Small businesses, commissioners and broadcasters
April 13th, 2006At b.tween, one of the most interesting sessions for me is happening on the Thursday. The session puts comissioners from the BBC and Channel 4 together on stage with the intention of (hopefully) demistifying the commissioning process a little. Over the years I have gone and pitched ideas at major broadcasters but have often come away feeling that actually what happened was that it was no more than an ideas gathering session for the broadcasters themselves… I know that this isnt the case (usually) but commissioning is such an opaque process that anything that opens it up to scrutiny should be welcomed…
However there is increasingly no need to go to commissioners. The inexorable rise of the broadband internet has begun to shift the sand. Why for instance should I make content and just hope that someone shows it for me? Why do I need to be commissioned at all?
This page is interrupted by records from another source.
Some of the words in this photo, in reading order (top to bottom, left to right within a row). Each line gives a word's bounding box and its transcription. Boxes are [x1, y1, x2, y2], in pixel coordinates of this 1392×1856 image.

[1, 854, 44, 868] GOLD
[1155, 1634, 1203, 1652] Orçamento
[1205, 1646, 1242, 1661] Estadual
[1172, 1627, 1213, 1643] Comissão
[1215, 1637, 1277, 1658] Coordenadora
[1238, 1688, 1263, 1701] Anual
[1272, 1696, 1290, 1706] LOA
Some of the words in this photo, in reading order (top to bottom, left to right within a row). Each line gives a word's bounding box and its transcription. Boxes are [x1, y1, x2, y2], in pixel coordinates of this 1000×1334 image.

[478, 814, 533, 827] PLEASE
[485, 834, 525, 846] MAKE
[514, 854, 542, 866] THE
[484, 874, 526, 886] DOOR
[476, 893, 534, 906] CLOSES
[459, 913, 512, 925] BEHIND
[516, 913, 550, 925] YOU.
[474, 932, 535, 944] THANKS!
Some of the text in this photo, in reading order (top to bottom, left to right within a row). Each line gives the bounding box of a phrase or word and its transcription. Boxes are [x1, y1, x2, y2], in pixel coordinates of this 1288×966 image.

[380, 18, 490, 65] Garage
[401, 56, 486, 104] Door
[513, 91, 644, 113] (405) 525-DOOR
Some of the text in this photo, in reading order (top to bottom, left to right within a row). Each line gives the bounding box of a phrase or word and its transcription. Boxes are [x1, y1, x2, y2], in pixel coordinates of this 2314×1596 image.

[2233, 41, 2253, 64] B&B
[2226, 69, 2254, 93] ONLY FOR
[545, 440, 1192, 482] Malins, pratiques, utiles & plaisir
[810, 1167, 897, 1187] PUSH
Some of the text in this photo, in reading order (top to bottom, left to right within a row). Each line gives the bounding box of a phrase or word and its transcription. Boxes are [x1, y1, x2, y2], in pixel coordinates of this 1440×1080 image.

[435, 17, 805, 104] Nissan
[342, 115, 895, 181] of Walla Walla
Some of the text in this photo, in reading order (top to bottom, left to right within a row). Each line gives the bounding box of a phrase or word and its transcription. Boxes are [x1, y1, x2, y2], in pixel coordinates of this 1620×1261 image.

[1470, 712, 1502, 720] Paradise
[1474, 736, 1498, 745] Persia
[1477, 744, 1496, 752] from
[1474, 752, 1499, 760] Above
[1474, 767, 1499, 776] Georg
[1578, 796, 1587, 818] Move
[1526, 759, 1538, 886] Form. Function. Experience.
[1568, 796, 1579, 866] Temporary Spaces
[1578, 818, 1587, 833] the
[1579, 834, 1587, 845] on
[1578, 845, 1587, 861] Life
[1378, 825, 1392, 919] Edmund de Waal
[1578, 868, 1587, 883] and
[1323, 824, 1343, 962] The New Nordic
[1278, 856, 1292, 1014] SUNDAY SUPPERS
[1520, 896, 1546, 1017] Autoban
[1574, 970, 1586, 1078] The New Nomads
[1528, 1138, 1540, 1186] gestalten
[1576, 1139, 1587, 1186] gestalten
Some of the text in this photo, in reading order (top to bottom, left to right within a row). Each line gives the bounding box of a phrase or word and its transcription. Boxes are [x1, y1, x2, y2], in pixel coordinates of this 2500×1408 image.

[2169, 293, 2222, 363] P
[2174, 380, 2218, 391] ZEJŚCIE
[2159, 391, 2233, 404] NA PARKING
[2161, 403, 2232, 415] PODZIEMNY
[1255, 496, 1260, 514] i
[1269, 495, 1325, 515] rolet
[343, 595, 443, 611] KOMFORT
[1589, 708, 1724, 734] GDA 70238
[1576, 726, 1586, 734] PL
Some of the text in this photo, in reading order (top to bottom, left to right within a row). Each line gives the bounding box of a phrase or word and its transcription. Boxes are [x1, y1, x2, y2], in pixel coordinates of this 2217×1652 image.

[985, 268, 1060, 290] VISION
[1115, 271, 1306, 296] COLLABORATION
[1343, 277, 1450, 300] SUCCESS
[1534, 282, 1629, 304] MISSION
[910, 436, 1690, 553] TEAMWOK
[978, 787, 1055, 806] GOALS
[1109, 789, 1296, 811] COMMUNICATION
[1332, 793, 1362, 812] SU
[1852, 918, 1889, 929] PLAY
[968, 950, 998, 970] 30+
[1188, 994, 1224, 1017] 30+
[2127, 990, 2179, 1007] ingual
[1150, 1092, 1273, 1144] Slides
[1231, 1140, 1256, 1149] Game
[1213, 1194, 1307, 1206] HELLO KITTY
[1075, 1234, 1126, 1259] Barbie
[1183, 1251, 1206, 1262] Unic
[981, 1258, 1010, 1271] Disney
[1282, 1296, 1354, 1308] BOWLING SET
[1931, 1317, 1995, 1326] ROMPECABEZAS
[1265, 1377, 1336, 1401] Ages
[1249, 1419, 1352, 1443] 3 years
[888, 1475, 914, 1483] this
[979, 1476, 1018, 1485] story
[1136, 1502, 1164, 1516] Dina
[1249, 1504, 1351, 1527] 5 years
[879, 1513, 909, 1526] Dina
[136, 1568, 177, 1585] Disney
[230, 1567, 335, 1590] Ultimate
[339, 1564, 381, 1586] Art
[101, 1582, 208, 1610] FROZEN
New technologies have become so cheap that content can be made to a very high standard on home equipment, we all know that, but increasingly distribution itself is now opening up to content creators. Apple announced recently they will be allowing paid for podcasts to be put on iTunes…that will empower small producers to make and distribute to a worldwide audience at very low cost. Similarly sites such as MySpace are enabling the self distribution of audio and video and are combining this wil reputation engines to enable truly democratic navigational hierarchies to emerge where content people love automatically bubbles to the top of the pile.
What I want the commissioners to answer is how they are going to change now that TV audiences are falling and insular, are moving to other media and producers have cheap direct access to a worldwide audience?